▶ **About this exercise**
Skip the images and repeat every entry word for word.

*** Begin section ***

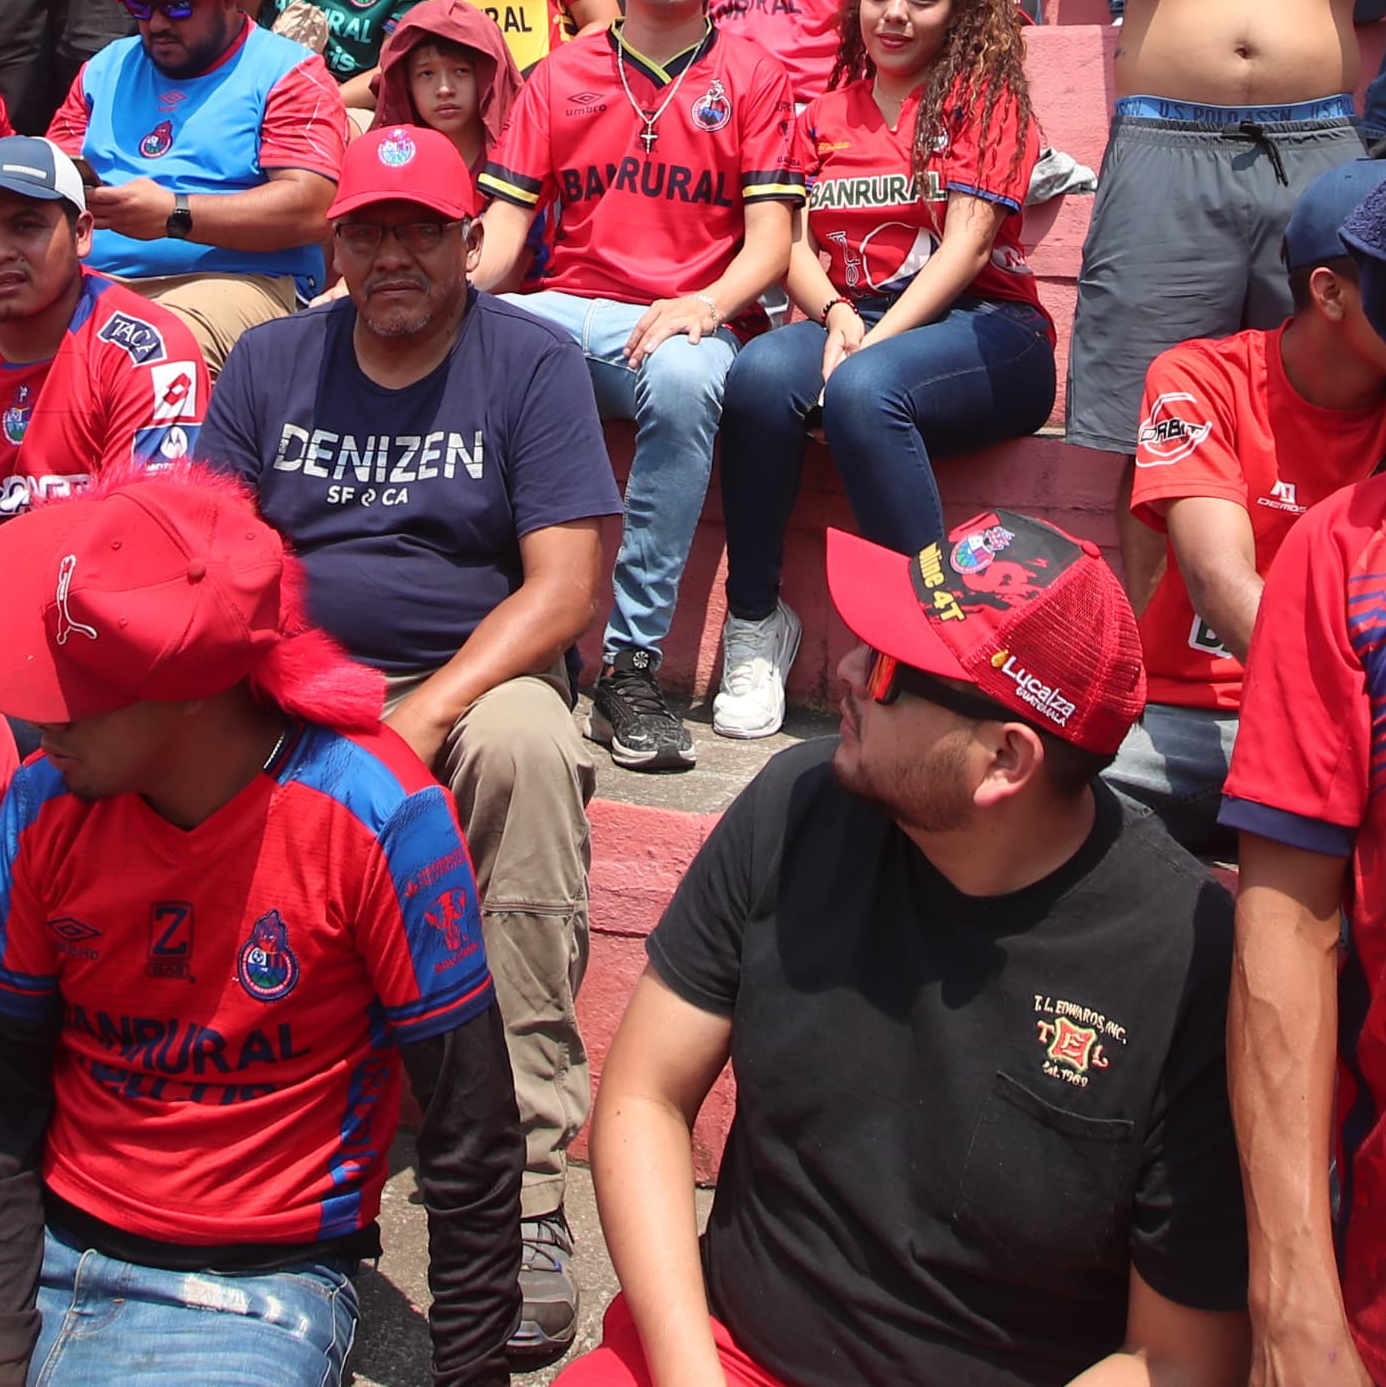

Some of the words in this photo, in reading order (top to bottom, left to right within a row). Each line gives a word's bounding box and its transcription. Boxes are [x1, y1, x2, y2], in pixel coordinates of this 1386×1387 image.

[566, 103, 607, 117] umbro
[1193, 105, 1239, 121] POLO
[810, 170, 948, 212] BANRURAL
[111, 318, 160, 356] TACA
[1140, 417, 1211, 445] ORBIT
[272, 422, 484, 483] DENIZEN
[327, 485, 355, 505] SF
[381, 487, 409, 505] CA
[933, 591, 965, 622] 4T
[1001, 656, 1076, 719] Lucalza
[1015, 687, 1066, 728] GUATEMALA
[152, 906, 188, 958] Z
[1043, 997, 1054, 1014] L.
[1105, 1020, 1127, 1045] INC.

*** End section ***

▶ **Result below**
Some of the words in this photo, in reading order (top to bottom, left to right within a row). Each line gives a word's bounding box and its transcription. Boxes are [x1, y1, x2, y2], in pixel coordinates of this 1386×1387 image.

[566, 103, 607, 117] umbro
[1193, 105, 1239, 121] POLO
[810, 170, 948, 212] BANRURAL
[111, 318, 160, 356] TACA
[1140, 417, 1211, 445] ORBIT
[272, 422, 484, 483] DENIZEN
[327, 485, 355, 505] SF
[381, 487, 409, 505] CA
[933, 591, 965, 622] 4T
[1001, 656, 1076, 719] Lucalza
[1015, 687, 1066, 728] GUATEMALA
[152, 906, 188, 958] Z
[1043, 997, 1054, 1014] L.
[1105, 1020, 1127, 1045] INC.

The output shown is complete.